Building an SDV presents new challenges spanning technical, regulatory, and operational domains. The following captures the diversity and interconnectedness of these challenges:
- Complex Software Integration: Ensures seamless interoperability between sophisticated operating systems while maintaining high performance and reliability
- Cybersecurity Risks: Robust cybersecurity protects against hacking, data breaches, and other malicious activities, including securing communication channels
- Regulatory Compliance: Guarantees adherence to differing regional standards and regulations concerning vehicle safety, data privacy, and emissions
- Software Updates: Manages OTA software updates to ensure they are delivered reliably and securely to a global fleet of vehicles
- Reliability and Redundancy: Redundant systems ensure continuous operation in the event of a software or hardware failure
- Data Privacy and Ethics: Provides stringent data protection measures and transparent data usage while addressing autonomous driving ethical considerations
- High Development Costs: Manages costs associated with developing, testing, and deploying advanced software and hardware, particularly for smaller manufacturers
Assessing the Modern Automotive Value Chain in a Digital Age
Until recently, cars were conceptualized, designed, and delivered by OEMs. Tier 1s helped fill in the gaps for component integration, testing, validation, and maintenance services. Tier 2 and Tier 3 suppliers delivered software and hardware components to the Tier 1s to drive the integration tasks.
The modern automotive value chain and the underlying electrical/electronic (E/E) architectures have been upended due to the major driving forces of electrification, autonomy, and the connected nature of the fleet. Digitalization has taken center stage. While some of the responsibilities of traditional Tier 1 players are being absorbed by OEMs, a wave of entirely new service providers has appeared in the value chain, including cloud platform and software services companies that aggregate and integrate the various pieces – both during development and in the field.
This new constantly upgradable car can only be delivered through a completely upgradable end-to-end software stack that is secure and easy to develop, test, and maintain.

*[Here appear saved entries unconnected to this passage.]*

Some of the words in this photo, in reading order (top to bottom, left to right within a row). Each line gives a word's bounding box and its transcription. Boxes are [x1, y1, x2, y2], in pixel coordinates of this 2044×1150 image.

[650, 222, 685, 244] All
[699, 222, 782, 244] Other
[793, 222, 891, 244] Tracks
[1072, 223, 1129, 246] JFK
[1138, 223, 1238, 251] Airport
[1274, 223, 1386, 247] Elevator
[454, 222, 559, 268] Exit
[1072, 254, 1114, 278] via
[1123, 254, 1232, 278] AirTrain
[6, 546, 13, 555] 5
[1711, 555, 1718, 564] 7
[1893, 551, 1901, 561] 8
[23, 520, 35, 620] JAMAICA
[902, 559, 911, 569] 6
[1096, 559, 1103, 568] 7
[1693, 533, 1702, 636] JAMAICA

Many traditional suppliers, including semiconductor, operating system, and middleware companies, which originally supplied an isolated component to the Tier 1s, are now required to build a product stack to support the needs of an entire OEM fleet that is defined by an SDV feature set.
Renesas' RoX Supports and Accelerates SDV Development
Renesas' RoX SDV platform is designed for current generation R-Car SoCs, the upcoming R-Car Gen 5 MCU/SoC Family, and future devices. The new platform provides OEMs and Tier 1 suppliers the flexibility to design a broad range of scalable compute solutions for ADAS, IVI, gateway, and cross-domain fusion systems as well as body control, domain, and zone control.
Thanks to a new unified hardware architecture based on Arm® CPU cores, customers developing with the R-Car Gen 5 devices can reuse the same software and tools across diverse E/E applications that span car models and generations, preserving their engineering investments.
Today, OEMs and Tier 1 suppliers are heavily investing in software development and maintenance. Renesas understands this challenge and is closely working with our customers and partners to deliver a flexible, ready-to-deploy development solution that can be maintained throughout the vehicle's lifespan.